The Important of REST when Parenting A Traumatized Child

parenting a traumatized child

By Ron Huxley, LMFT

Parenting a traumatized child can be challenging and exhausting work. It isn’t something that should be done alone without adequate support. Parents must take care of themselves as well as others. You can’t give away what you don’t have… Faith-based families look to God for their help (Psalms 121:1-2) and operate from a place of REST:

“Come to me, all of you who are weary and carry heavy burdens, and I will give you rest.” Matthew 11:28

“He restores my soul.” Psalms 23:

REST stands for RE-store your Soul from Trauma. Our soul includes our entire being: body, mind/emotions and spirt. Each area requires attention. How do we do that when we have an endless to-do list, dealing with continuous problems?

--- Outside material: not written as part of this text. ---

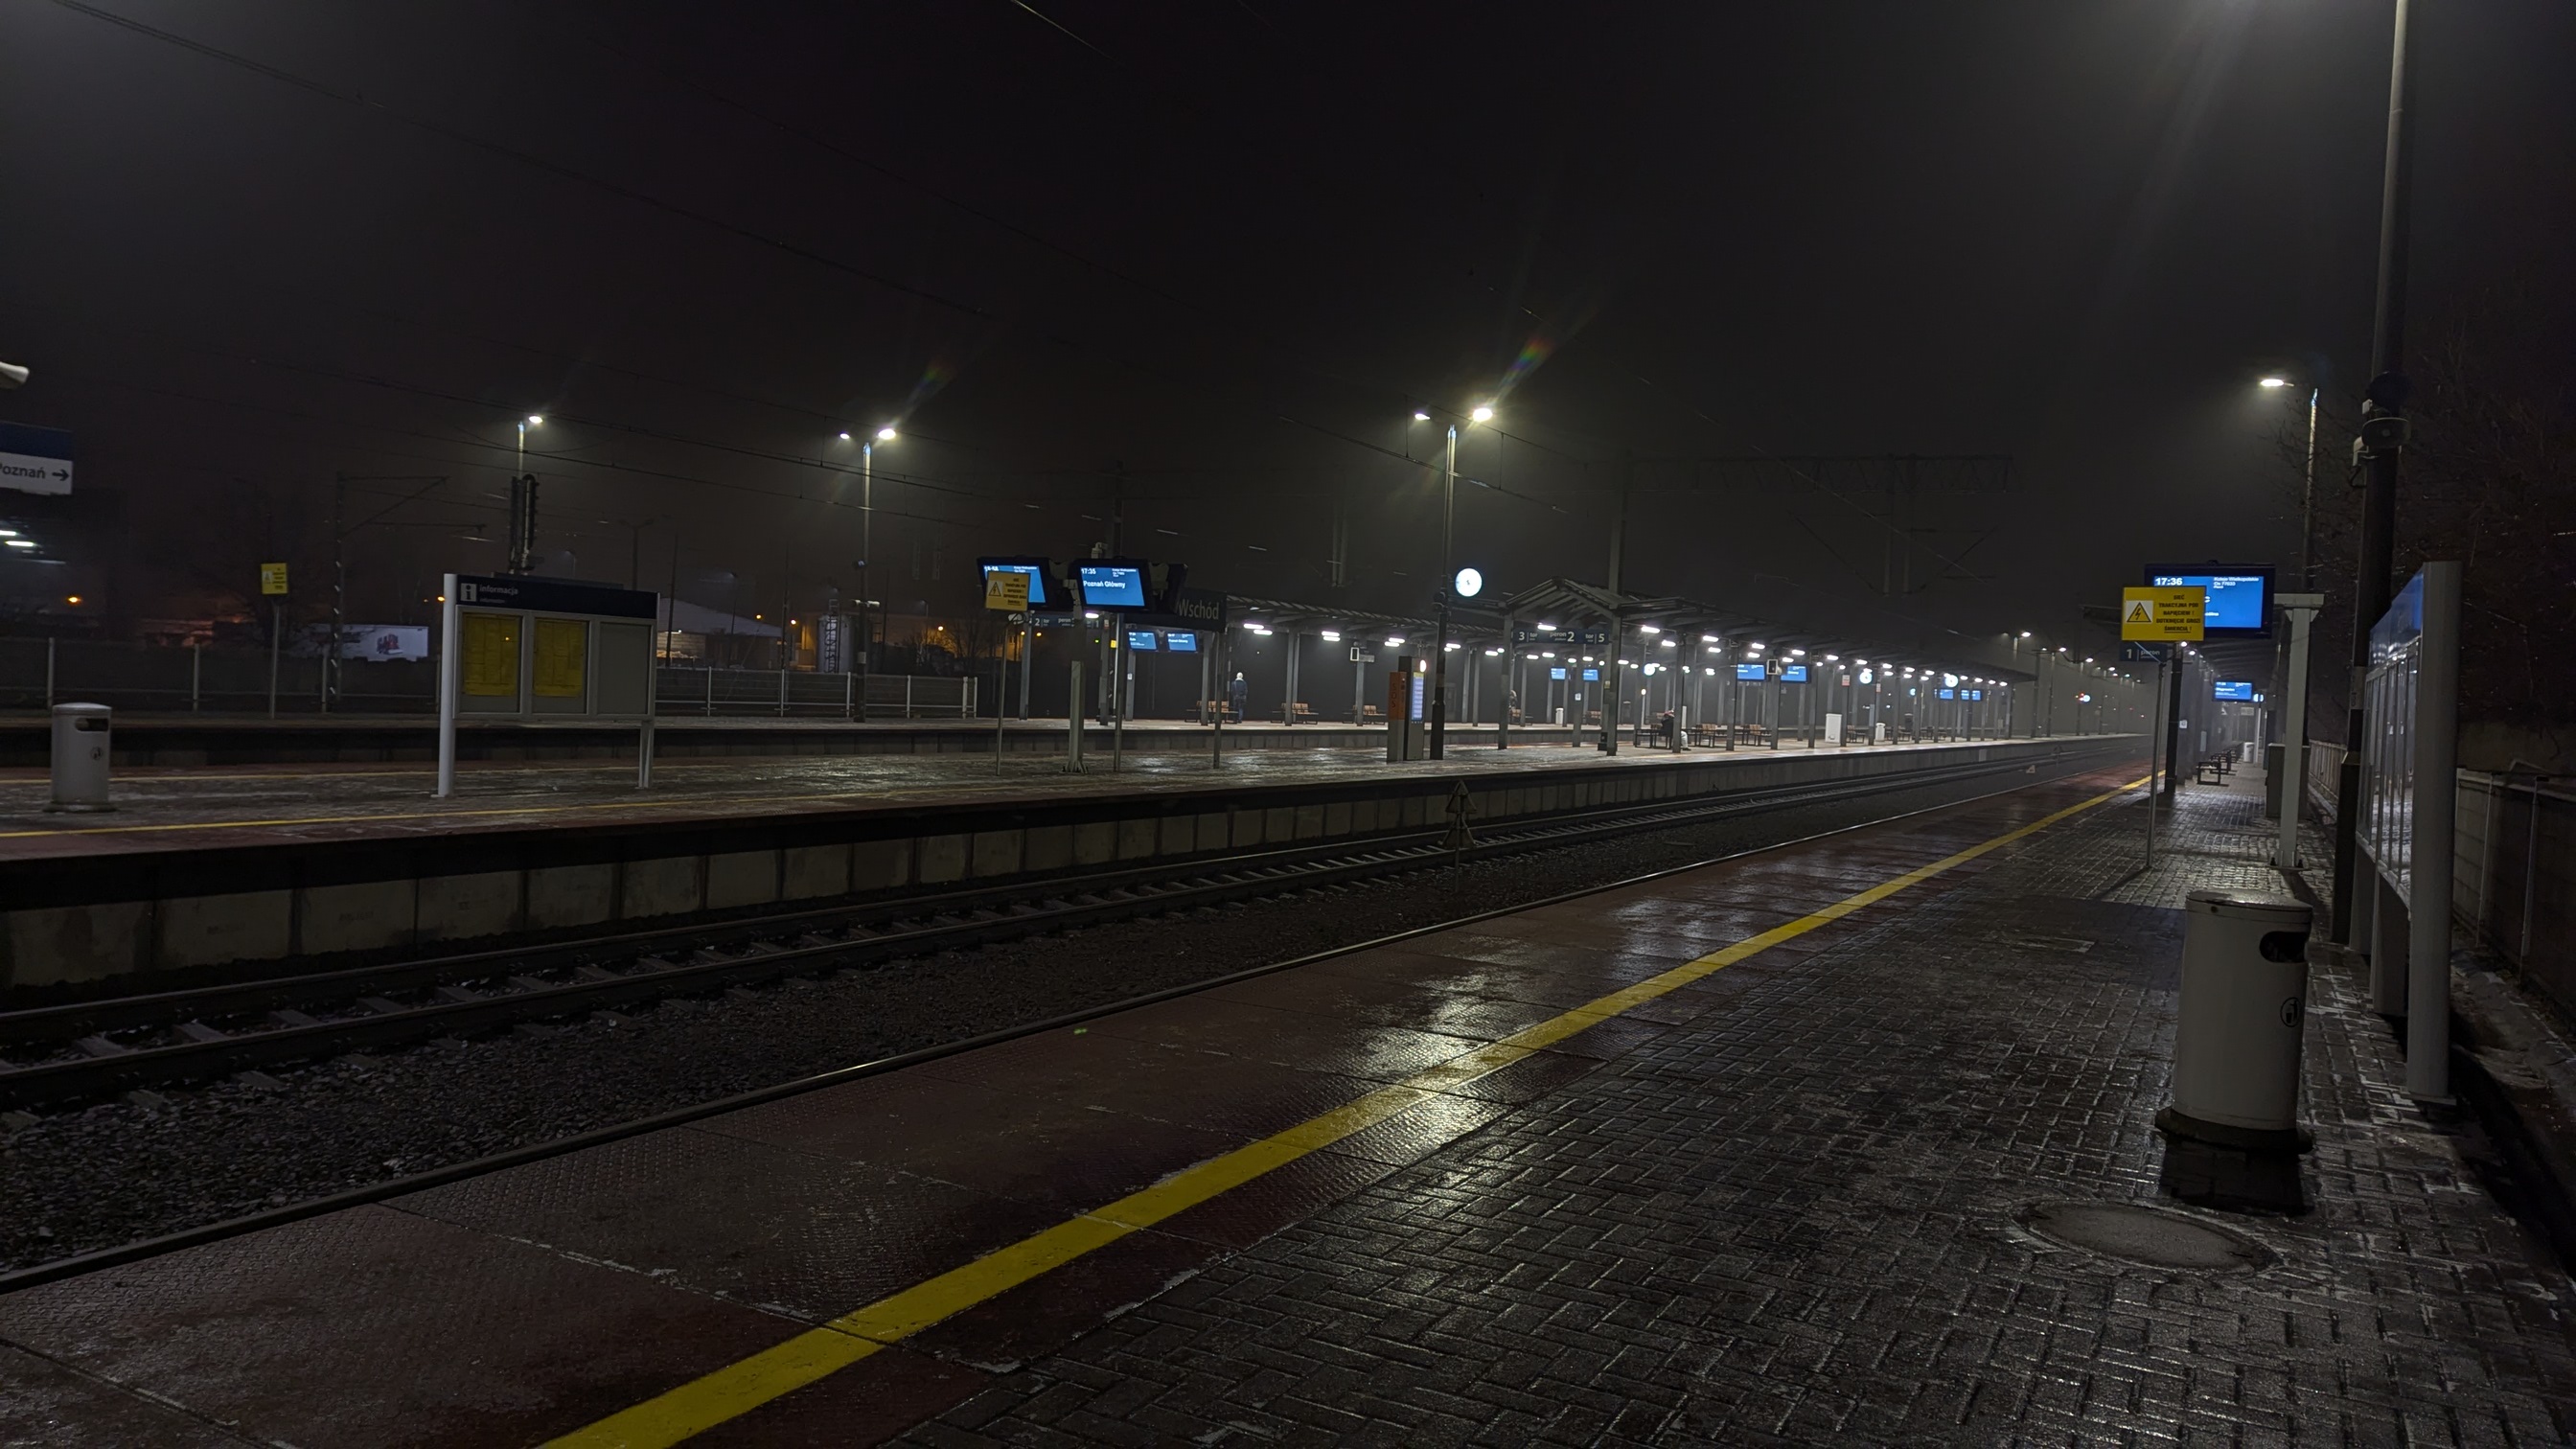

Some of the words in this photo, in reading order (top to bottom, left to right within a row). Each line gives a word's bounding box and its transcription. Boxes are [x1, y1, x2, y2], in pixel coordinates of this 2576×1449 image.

The key is to find rest IN work, not FROM work. It is a mental recognition that we can be in partnership with God and others. We can set boundaries and say “No” to outside activities, not live up to others expectations, and remembering “who you are and whose you are” spiritually speaking. You have to be a “son or daughter”  before you can be a fully functioning father or mother. Seek out spiritual parents to support you as you carry on the work of parenting traumatized children.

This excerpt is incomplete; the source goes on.